(Beginning of Input data)

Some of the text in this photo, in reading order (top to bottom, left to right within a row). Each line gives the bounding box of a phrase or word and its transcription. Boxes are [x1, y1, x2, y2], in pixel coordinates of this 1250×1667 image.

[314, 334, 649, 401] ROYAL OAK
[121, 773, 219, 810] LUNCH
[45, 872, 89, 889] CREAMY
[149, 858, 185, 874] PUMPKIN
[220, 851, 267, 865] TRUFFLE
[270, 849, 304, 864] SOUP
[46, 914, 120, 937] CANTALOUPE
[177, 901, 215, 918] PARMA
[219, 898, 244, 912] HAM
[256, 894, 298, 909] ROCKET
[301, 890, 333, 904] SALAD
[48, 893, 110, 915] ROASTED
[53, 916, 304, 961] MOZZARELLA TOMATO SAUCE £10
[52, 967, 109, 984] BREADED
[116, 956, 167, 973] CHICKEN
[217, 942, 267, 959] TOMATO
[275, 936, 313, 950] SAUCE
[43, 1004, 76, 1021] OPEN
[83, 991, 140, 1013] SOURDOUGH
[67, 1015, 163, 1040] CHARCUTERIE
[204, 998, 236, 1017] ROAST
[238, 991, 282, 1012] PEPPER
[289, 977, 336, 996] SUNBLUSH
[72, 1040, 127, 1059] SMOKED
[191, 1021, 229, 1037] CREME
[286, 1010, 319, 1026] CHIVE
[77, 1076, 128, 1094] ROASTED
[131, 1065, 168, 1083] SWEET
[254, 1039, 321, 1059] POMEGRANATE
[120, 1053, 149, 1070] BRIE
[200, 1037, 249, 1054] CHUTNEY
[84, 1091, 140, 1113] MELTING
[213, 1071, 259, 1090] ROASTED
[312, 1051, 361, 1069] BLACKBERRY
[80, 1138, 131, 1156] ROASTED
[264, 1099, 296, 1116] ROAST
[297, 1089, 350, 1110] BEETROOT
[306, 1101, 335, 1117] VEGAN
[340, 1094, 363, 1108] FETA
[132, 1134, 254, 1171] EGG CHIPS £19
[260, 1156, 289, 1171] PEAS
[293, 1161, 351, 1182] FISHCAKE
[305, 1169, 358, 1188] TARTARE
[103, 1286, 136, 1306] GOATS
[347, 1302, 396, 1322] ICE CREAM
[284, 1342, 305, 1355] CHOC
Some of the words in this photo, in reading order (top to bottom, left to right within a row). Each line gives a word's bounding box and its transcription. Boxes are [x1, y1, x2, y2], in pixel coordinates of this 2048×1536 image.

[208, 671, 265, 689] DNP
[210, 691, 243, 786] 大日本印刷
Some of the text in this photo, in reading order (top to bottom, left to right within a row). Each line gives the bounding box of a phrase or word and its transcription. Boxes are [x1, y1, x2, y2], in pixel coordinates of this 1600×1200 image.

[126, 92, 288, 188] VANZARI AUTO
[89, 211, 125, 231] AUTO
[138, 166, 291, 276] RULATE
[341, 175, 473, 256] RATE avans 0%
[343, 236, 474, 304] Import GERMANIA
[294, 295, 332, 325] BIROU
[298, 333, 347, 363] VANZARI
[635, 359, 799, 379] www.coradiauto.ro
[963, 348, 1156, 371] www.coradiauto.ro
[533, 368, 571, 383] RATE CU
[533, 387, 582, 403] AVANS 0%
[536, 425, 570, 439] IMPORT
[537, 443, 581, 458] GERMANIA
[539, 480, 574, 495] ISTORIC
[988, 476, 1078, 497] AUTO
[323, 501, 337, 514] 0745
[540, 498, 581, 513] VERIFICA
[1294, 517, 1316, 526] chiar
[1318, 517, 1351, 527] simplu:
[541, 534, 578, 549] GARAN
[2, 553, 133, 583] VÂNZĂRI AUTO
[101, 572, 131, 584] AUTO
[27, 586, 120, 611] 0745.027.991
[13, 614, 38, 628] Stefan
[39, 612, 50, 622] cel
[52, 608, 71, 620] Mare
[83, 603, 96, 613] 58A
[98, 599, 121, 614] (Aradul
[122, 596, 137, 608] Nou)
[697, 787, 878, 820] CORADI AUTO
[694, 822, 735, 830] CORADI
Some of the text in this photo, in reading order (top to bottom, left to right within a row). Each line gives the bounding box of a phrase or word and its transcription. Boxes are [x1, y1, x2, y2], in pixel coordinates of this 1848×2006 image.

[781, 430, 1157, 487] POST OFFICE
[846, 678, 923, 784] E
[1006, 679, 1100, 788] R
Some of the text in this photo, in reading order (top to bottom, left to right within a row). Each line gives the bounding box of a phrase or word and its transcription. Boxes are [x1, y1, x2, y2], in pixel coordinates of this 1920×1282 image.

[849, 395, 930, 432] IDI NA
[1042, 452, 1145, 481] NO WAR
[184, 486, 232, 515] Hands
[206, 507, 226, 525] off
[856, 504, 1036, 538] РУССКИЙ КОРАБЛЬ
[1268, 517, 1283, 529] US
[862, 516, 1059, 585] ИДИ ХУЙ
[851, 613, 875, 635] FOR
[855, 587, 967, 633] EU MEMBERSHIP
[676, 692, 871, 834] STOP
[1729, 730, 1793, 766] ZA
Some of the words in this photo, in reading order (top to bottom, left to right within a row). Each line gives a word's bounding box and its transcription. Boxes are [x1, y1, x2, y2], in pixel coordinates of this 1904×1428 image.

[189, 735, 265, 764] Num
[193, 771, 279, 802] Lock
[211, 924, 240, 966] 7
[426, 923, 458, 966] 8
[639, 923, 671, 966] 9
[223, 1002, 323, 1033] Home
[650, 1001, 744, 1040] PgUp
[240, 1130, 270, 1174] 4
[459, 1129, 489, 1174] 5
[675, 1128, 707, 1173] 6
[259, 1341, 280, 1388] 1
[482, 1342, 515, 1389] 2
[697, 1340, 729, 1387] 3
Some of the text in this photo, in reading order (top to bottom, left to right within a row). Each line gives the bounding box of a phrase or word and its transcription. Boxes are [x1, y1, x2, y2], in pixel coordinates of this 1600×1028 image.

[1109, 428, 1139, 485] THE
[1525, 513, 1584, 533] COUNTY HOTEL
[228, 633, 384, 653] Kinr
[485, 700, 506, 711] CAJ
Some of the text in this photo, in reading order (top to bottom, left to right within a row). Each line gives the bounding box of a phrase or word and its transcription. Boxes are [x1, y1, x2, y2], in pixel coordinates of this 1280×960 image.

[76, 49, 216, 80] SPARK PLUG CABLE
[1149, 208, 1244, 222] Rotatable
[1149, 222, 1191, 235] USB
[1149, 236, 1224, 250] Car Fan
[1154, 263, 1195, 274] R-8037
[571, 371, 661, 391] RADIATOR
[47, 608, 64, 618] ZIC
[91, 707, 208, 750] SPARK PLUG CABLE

(End of Input data)

Print from the line containing "this 1904×1428 image." to the last line above, exactly as written.

Answer to the problem:
Some of the words in this photo, in reading order (top to bottom, left to right within a row). Each line gives a word's bounding box and its transcription. Boxes are [x1, y1, x2, y2], in pixel coordinates of this 1904×1428 image.

[189, 735, 265, 764] Num
[193, 771, 279, 802] Lock
[211, 924, 240, 966] 7
[426, 923, 458, 966] 8
[639, 923, 671, 966] 9
[223, 1002, 323, 1033] Home
[650, 1001, 744, 1040] PgUp
[240, 1130, 270, 1174] 4
[459, 1129, 489, 1174] 5
[675, 1128, 707, 1173] 6
[259, 1341, 280, 1388] 1
[482, 1342, 515, 1389] 2
[697, 1340, 729, 1387] 3
Some of the text in this photo, in reading order (top to bottom, left to right within a row). Each line gives the bounding box of a phrase or word and its transcription. Boxes are [x1, y1, x2, y2], in pixel coordinates of this 1600×1028 image.

[1109, 428, 1139, 485] THE
[1525, 513, 1584, 533] COUNTY HOTEL
[228, 633, 384, 653] Kinr
[485, 700, 506, 711] CAJ
Some of the text in this photo, in reading order (top to bottom, left to right within a row). Each line gives the bounding box of a phrase or word and its transcription. Boxes are [x1, y1, x2, y2], in pixel coordinates of this 1280×960 image.

[76, 49, 216, 80] SPARK PLUG CABLE
[1149, 208, 1244, 222] Rotatable
[1149, 222, 1191, 235] USB
[1149, 236, 1224, 250] Car Fan
[1154, 263, 1195, 274] R-8037
[571, 371, 661, 391] RADIATOR
[47, 608, 64, 618] ZIC
[91, 707, 208, 750] SPARK PLUG CABLE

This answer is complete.